EdgeFusion: Hybrid SSM-Transformer with Sub-4-Bit Quantization for Edge LLM Inference

Paper: "Optimizing Large Language Models for Efficient Edge Inference via Hybrid SSM-Transformer Architectures and Sub-4-Bit Quantization"
Authors: Jordan M. Ellis, Priya R. Shenoy, Marcus T. Okafor, Lin Wei
Venue: NeurIPS 2024 | arXiv: 2409.XXXXX
Code: github.com/edge-llm-lab/ssm-sparse (original)

Overview

EdgeFusion enables deployment of 7B-class language models on commodity edge hardware (phones, embedded boards) within a 4 GB memory envelope. It combines two techniques:

Hybrid SSM-Transformer stack with differentiable sparse routing — each layer independently learns to route through either a Mamba-style SSM block (O(n), efficient) or a standard multi-head attention block (O(n²), expressive). At convergence, ~68% of layers route to SSM, reducing activated FLOPs by 38.6%.
Adaptive sub-4-bit block-wise weight quantization — weights are quantized to an average of 3.1 bits per parameter (block size B=128), with the top 0.5% of weight outliers retained at 6-bit precision in a sparse correction matrix. Activations remain in bfloat16.

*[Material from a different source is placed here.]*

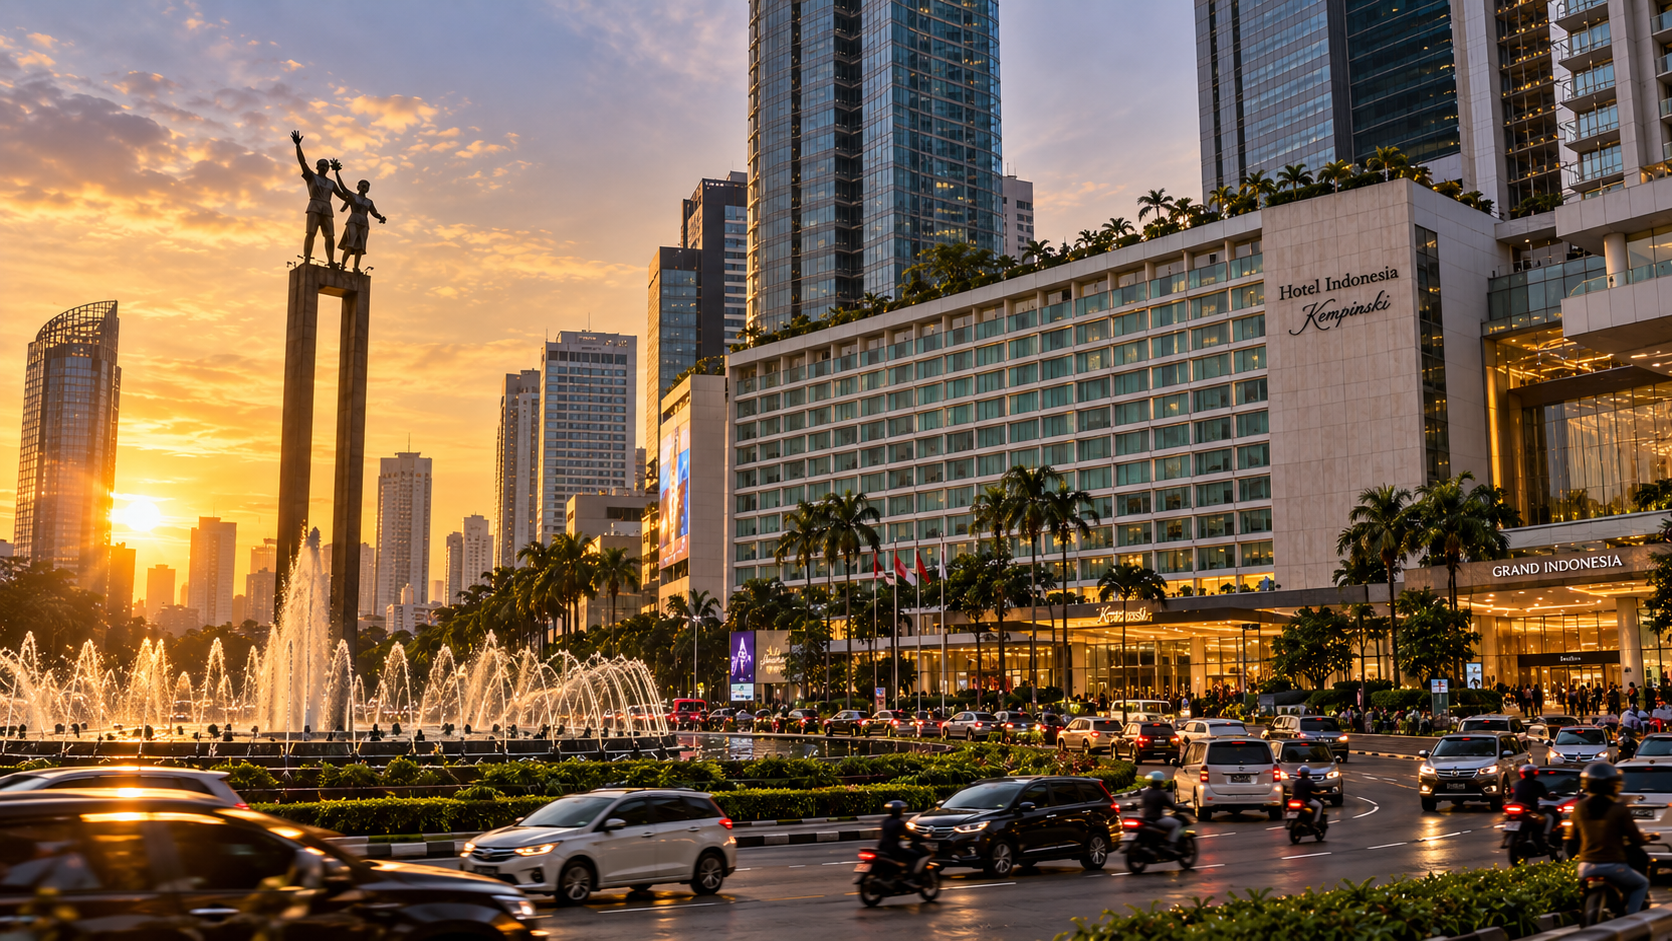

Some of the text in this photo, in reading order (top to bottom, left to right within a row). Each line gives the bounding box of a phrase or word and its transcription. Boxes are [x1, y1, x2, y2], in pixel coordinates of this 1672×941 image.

[1279, 266, 1399, 300] Hotel Indonesia
[1288, 290, 1391, 336] Kempinski
[1492, 554, 1623, 577] GRAND INDONESIA
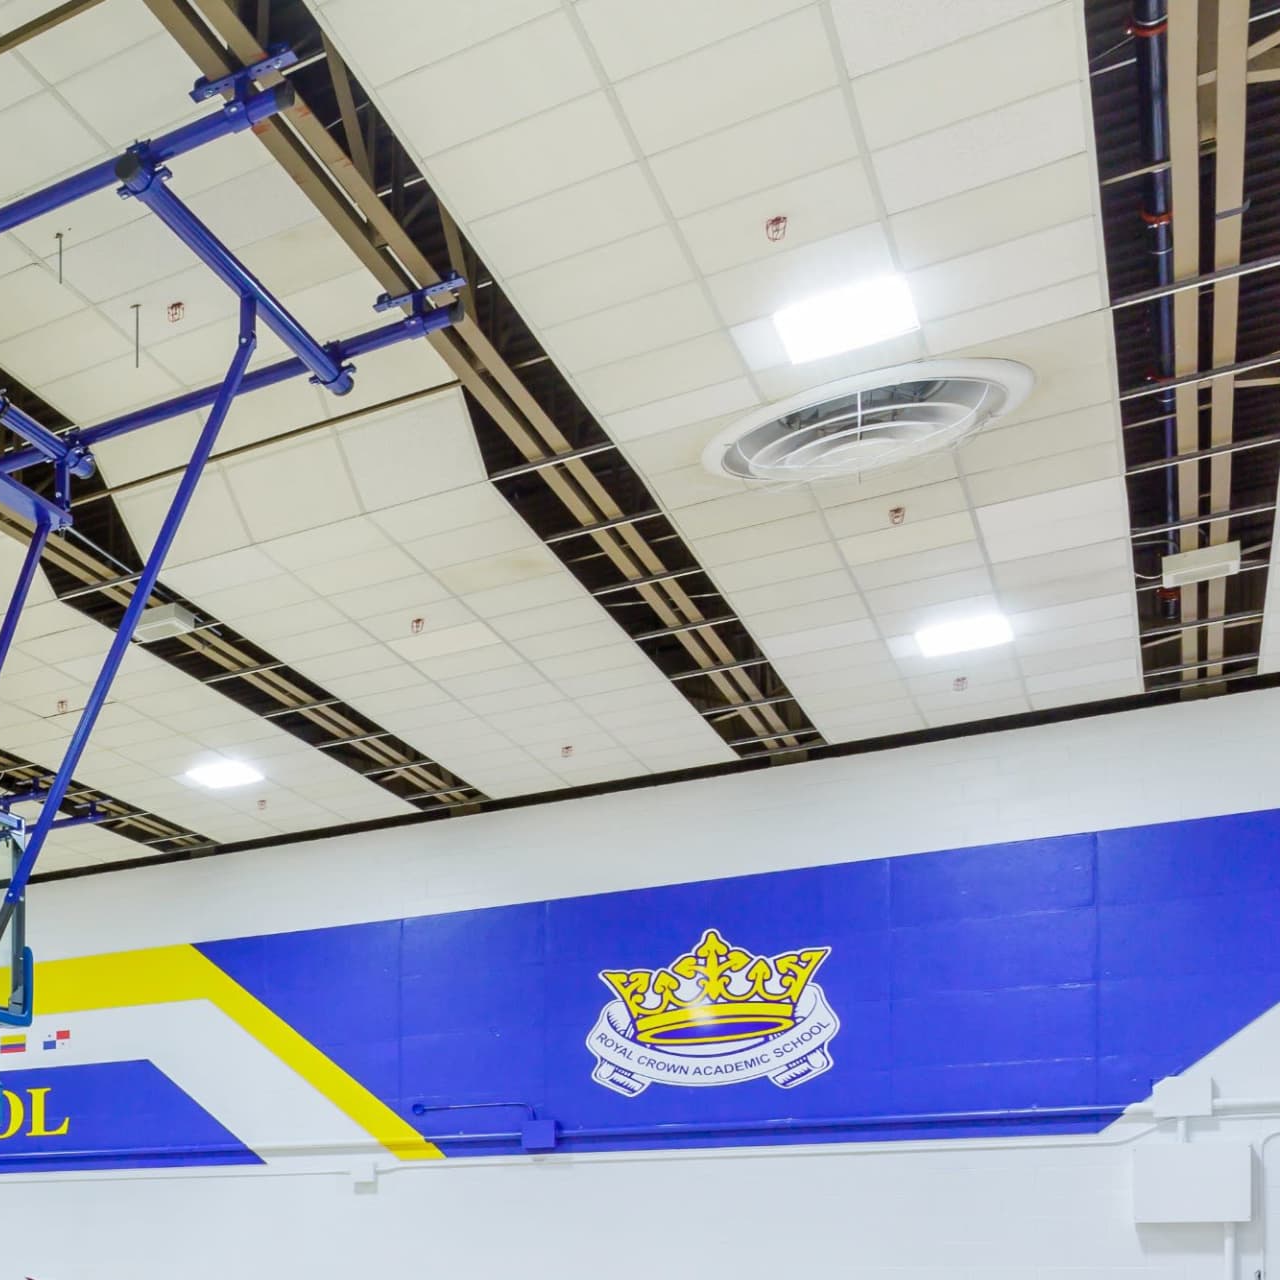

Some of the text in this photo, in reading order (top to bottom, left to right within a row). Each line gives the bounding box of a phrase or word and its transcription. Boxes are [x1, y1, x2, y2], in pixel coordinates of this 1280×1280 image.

Together, these achieve 2.7× throughput improvement and 61% peak memory reduction versus a full-precision dense Transformer baseline, with only 0.38 PPL degradation on Wikitext-103.

Expected Results (Paper Table 1 & 2, EdgeFusion-7B)

Metric	EdgeFusion-7B	Dense FP16	GPTQ-4bit	Mamba-pure
PPL (Wikitext-103) ↓	6.52	6.14	6.51	6.89
MMLU 5-shot ↑	62.7%	63.4%	62.1%	59.8%
HellaSwag ↑	80.3%	81.2%	79.9%	76.4%
ARC-Challenge ↑	52.9%	53.7%	52.4%	50.1%
GSM8K 8-shot ↑	46.8%	47.9%	45.3%	41.2%
Peak Memory (GB) ↓	5.4	14.0	5.8	14.0
Tokens/sec ↑	11.4	4.2	9.1	11.8
GFLOPs/token ↓	8.8	14.4	14.4	8.8

Hardware: Snapdragon 8 Gen 3. Paper reports 7 edge targets; only one shown here.

Quick Start

# 1. Clone and install
git clone https://github.com/your-org/edgefusion
cd edgefusion
pip install -e .
pip install mamba-ssm causal-conv1d  # CUDA 11.8+ required

# 2. Validate setup (no training)
python train.py --config configs/edgefusion_7b.yaml --output-dir ./checkpoints --dry-run

# 3. Train (router + quantization, 25K steps on The Pile)
python train.py --config configs/edgefusion_7b.yaml --output-dir ./checkpoints

# 4. Evaluate
python evaluate.py --checkpoint ./checkpoints/checkpoint_quantized

# 5. Interactive inference
python inference.py --checkpoint ./checkpoints/checkpoint_quantized \
    --prompt "Edge computing enables" --profile

Installation

pip

pip install -r requirements.txt
pip install mamba-ssm causal-conv1d  # separate — requires CUDA compilation

conda

conda env create -f environment.yaml
conda activate edgefusion
pip install mamba-ssm causal-conv1d

Docker

cd docker && docker-compose build
docker-compose run train

CPU / No CUDA (Raspberry Pi, Apple Silicon)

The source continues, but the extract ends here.